Background information
- Born: Benjamin Foster April 8, 1968 (age 58) Prospect Heights, Illinois, U.S.
- Genres: Punk rock, pop punk
- Occupations: Singer; musician; songwriter;
- Instruments: Vocals; guitar;
- Years active: 1986–present
- Member of: Screeching Weasel
- Formerly of: Riverdales; The Vindictives;

= Ben Weasel =

American singer and guitarist (born 1968)

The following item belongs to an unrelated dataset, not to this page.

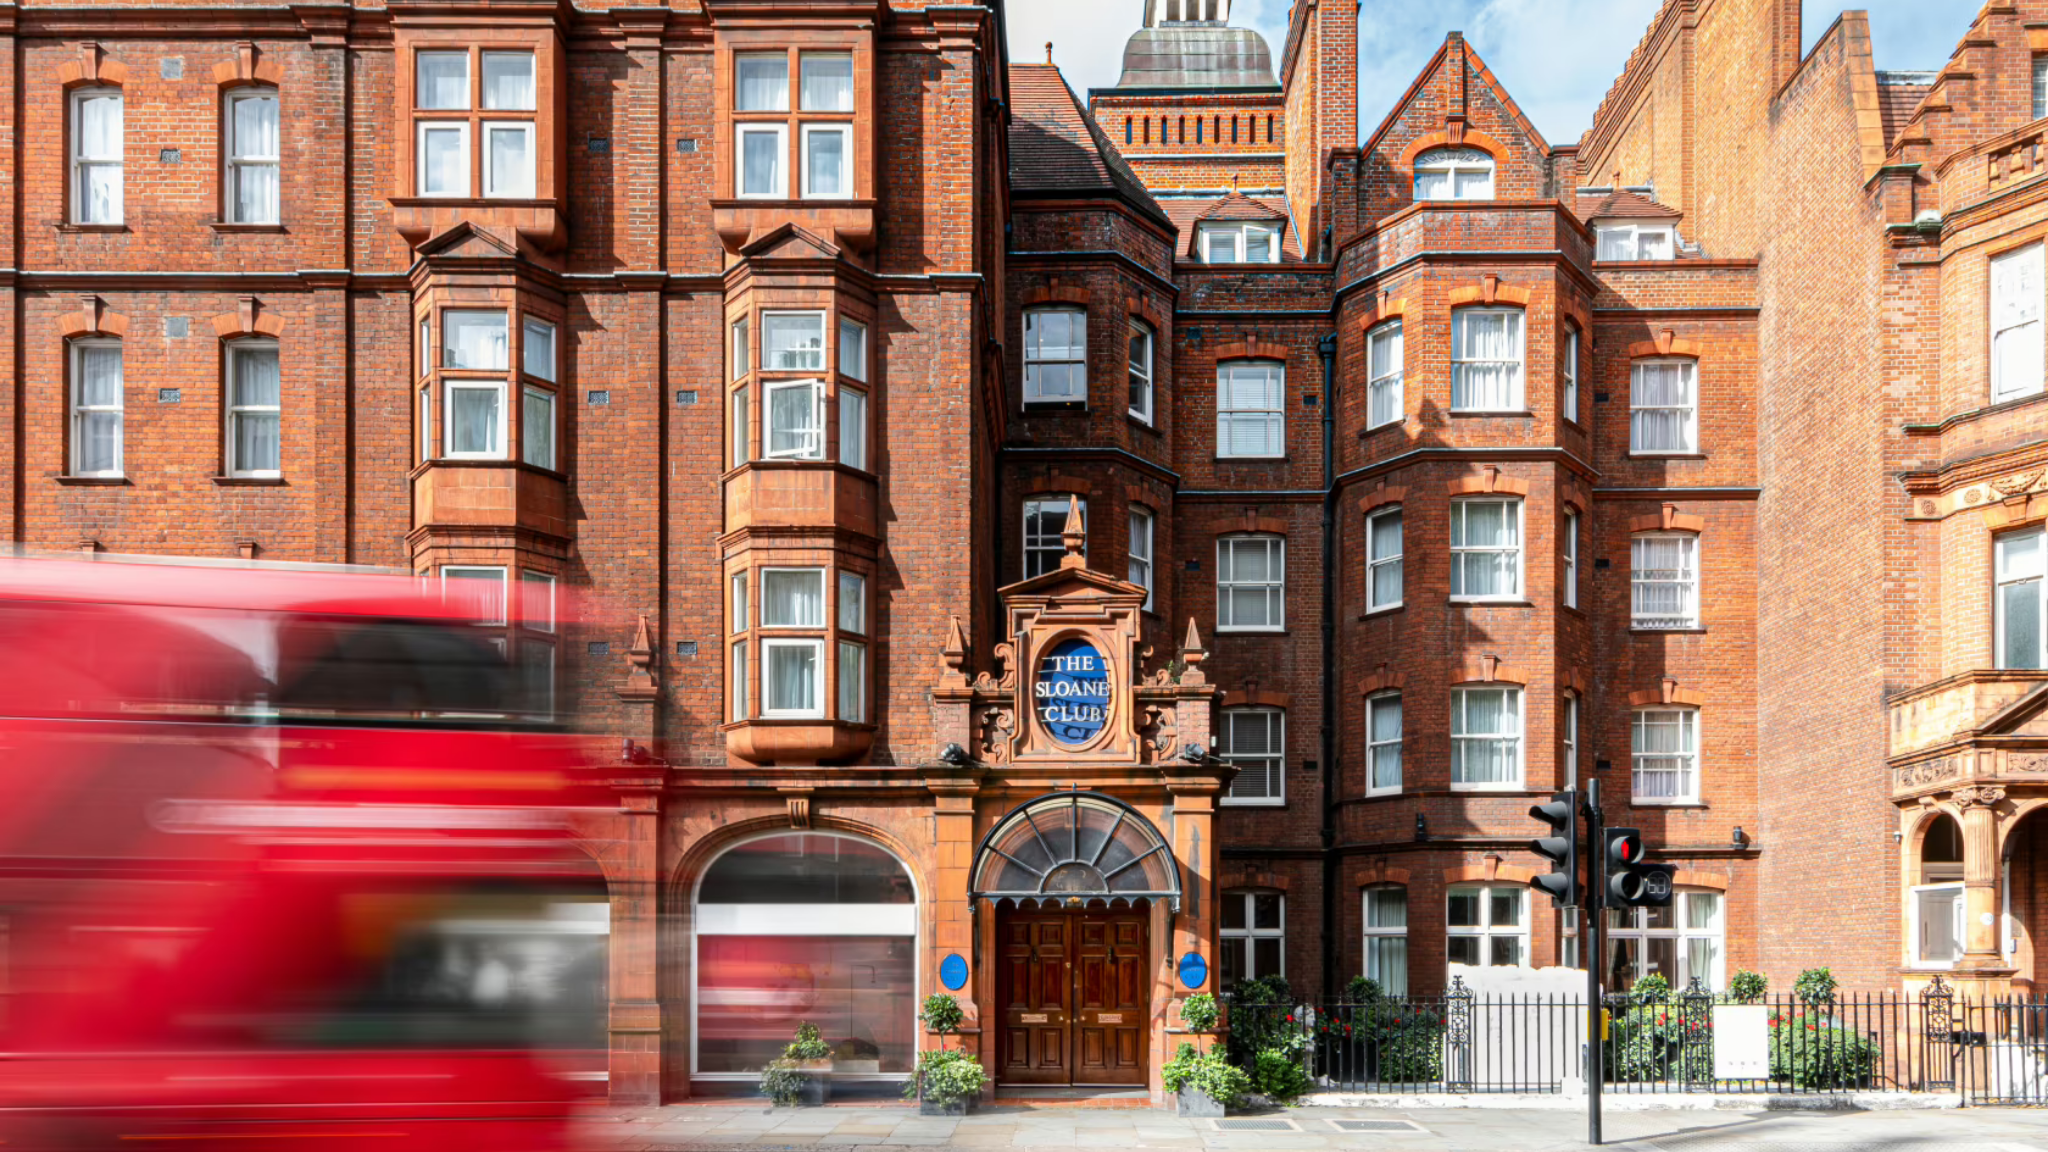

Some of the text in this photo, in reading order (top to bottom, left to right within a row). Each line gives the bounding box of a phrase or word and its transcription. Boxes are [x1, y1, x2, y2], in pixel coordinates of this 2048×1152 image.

[1052, 656, 1095, 671] THE
[1036, 681, 1111, 697] SLOANE
[1045, 706, 1102, 722] CLUB

Benjamin Foster (born April 8, 1968), also known as Ben Weasel, is an American musician best known as the lead singer and guitarist of the punk rock band Screeching Weasel.

== Early life ==
Foster was born in 1968, and was raised in Prospect Heights, Illinois. He attended River Trails Middle School in Mount Prospect, Illinois, where he first met future Screeching Weasel co-founder John Pierson. Weasel was expelled from John Hersey High School and St. Viator High School. He was eventually sent to the Élan School in Poland, Maine for his behavior issues.

== Music career ==
=== Screeching Weasel ===
When Foster returned to Illinois from the Élan School, he got a job at a local movie theater, and formed the band Screeching Weasel with co-worker and former junior high classmate John Pierson, aka Jughead.

Screeching Weasel have released 15 studio albums: Screeching Weasel (1987), Boogadaboogadaboogada! (1988), My Brain Hurts (1991), Ramones (1992), Wiggle (1993), Anthem for a New Tomorrow (1993), How to Make Enemies and Irritate People (1994), Bark Like a Dog (1996), Television City Dream (1998), Emo (1999), Teen Punks in Heat (2000), First World Manifesto (2011), a rock opera entitled Baby Fat: Act 1 on Recess Records (2015), Some Freaks of Atavism (2020), and most recently The Awful Disclosures of Screeching Weasel (2022).

=== The Riverdales and The Vindictives ===
After an initial break-up in 1989, Screeching Weasel reformed in 1991 and broke up for a second time in 1994. Following the second breakup, Foster formed a new band, the Riverdales, with Screeching Weasel members Dan Vapid, and Dan Panic.

In the early 1990s, Foster founded The Gore Gore Girls (unrelated to the later band of the same name) with SW guitarist Jughead, Glynis Johnson (also of Red Red Meat) and Russ Forester (founder of Underdog Records). The Gore Gore Girls lasted only three shows and made an appearance on a compilation EP, Mouthful of Monkey Bile (1992). He also played 2nd guitar in The Vindictives, to be replaced by Billy Blastoff. Foster appeared on the first 4 EPs released by the band. In 1996, Lookout! Records released a 7-inch EP by The Shotdowns which included Foster, Jughead, and rock critic Jim DeRogatis. Foster was credited as "Pappy Le Pew".

Foster reunited with Screeching Weasel again in 1996. The band lasted until 2001 before breaking up again. On March 27, 2009, Foster announced he was reforming Screeching Weasel. He and Danny Vapid were the only returning members.

=== Solo albums ===
In 2002, Foster released his first solo album, Fidatevi. His second album, These Ones Are Bitter, was released in June 2007. A live album (featuring all Screeching Weasel songs, including the majority of the album My Brain Hurts), titled The Brain That Wouldn't Die, appeared in 2009 and featured Screeching Weasel member Danny Vapid as well as Jon Phillip.

=== Panic Button Records ===
Foster formed Chicago-based record label, Panic Button Records, in 1997 with Pierson. The label was later purchased by Lookout! Records.

==Other ventures==
=== Writing ===
In the early 1990s, Foster published the fanzine Panic Button. He published two chapbooks through Oyster Publications, Brady Bunch Behemoth (1991) and Stab! Stab! Stab! (1992). Weasel also wrote for other various zines, including Razorcake, Non-Stop Banter, Jersey Beat, Hit List and 10 Things Jesus Wants You To Know. He also had a long-running column in MAXIMUM ROCKNROLL, one of the most prominent punk rock fanzines. He wrote a novel in 2001 called Like Hell and put out a collection of his columns and articles in 2002 entitled Punk is a Four Letter Word. Both books were published by Hope and Nonthings, a small publishing house based in Chicago run by former bandmate John Jughead.

=== Acting and directing ===
In 1990 Foster wrote, produced, directed and starred in a low-budget "gay vampire" film entitled Disgusteen.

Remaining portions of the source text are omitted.